Soon, I can see the role of a specialist (copywriter or other) in the creative industries changing to become more focused on collaboration, merging AI brand management and human storytelling techniques to ensure that all work produced is sufficiently differentiated, tailored to the needs of the client, and connects with readers and audiences in the most powerful way that it can.
Instead of Copywriters, you may see something like Communication Strategists, people who can recognize great storytelling and who understand how, when, and where to apply it, and how to tune automation within that process to ensure that the human quality of the message remains.
Olga Lany: Can you discuss any ethical considerations or limitations you’ve encountered while using AI in B2B copywriting and branding strategies?
Morgan Nicholas-Karpiel: From my perspective, brands need to understand that while Narrow AI (Midjourney, Adobe Express) may be structured and effective tools for boosting productivity, Foundational AI models (GPT4o, Gemini 1.5) are entirely different. Both types of AI present significant challenges, in terms of ethics and branding.
An easy way to think about this is that Narrow AI models have a narrower field of potential problems (possible copyright infringement, commercial use restrictions, regulations on social media channels, human bias, or machine bias, for example). All of these are real concerns that need to be handled as part of an overall AI Strategy, but they do not include the broader concerns that apply to more capable systems.
While Foundational AI models (GPT 4o, Claude, or Gemini 1.5) have many of the same ethical problems that Narrow AI models do, they also present far more complex issues that may reflect on our brands. We can see this in the backlash Apple just experienced while launching a video to promote the iPad Pro. This commercial features the instruments of human creativity being smashed into the shape of an iPad, which triggered the creative ire of dozens of celebrities and thousands of customers who felt that it celebrated what unethical technology developers (namely in the field of AI) are currently doing to the human experience.

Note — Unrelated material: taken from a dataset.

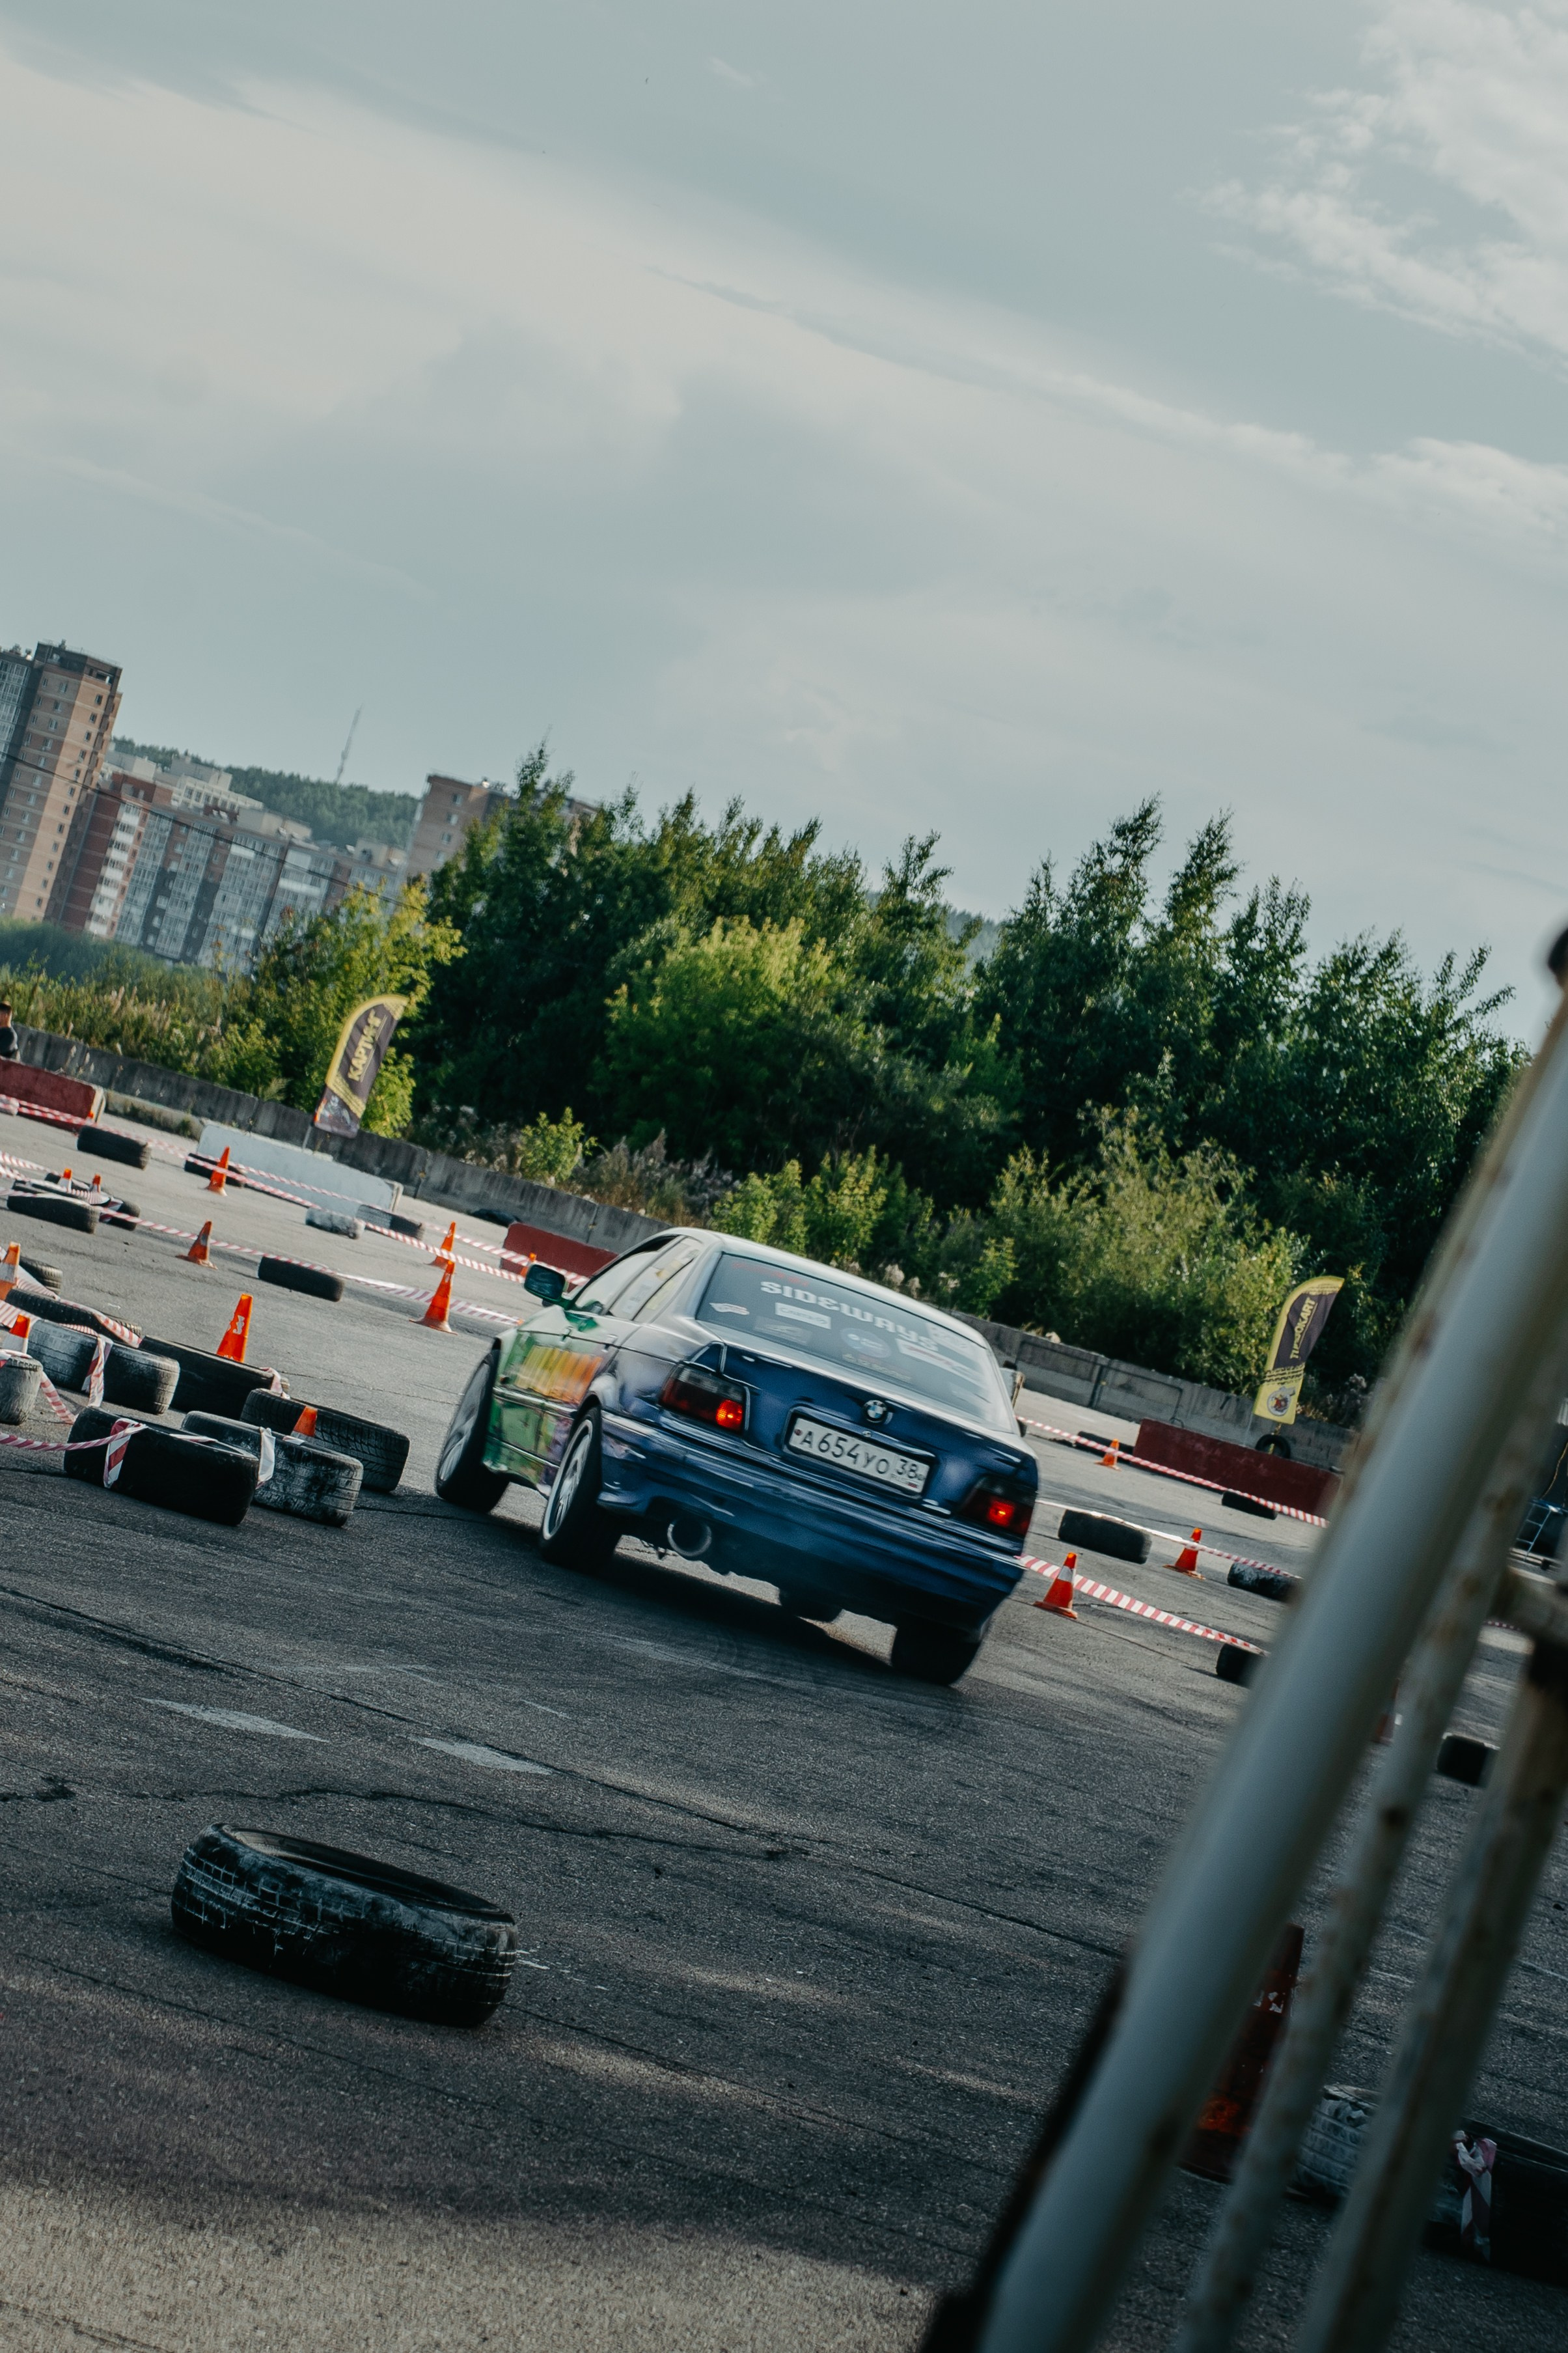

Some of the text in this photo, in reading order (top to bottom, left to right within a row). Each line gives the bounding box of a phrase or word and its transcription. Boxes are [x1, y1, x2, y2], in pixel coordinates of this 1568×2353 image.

[348, 1009, 381, 1081] КАРТИНГ
[760, 1281, 939, 1352] SIDEWAYS
[897, 1458, 918, 1479] 38

Brands that decide to integrate powerful, multimodal AI models into their workflows have to contend with how that decision will affect the human perception of their brand and its values. Recent studies have shown that we place less value on the creative work or brand experiences created by AI when we can detect them. It also goes without saying that if we are replacing human talent with AI, we can expect it to raise ethical questions. How can ensure that our use of AI is both ethical and structured in a way that adds to brand value, rather than diminishing it? Perhaps, as the use of AI becomes ubiquitous and societies around the world adjust successfully to this new reality, these questions become less important. But for this period of transition, they need to be addressed in the way we communicate to our audiences. To address ethical concerns, we first need to be honest about how we use AI within our organizations and why. That needs to be a transparent conversation we have with our target audiences.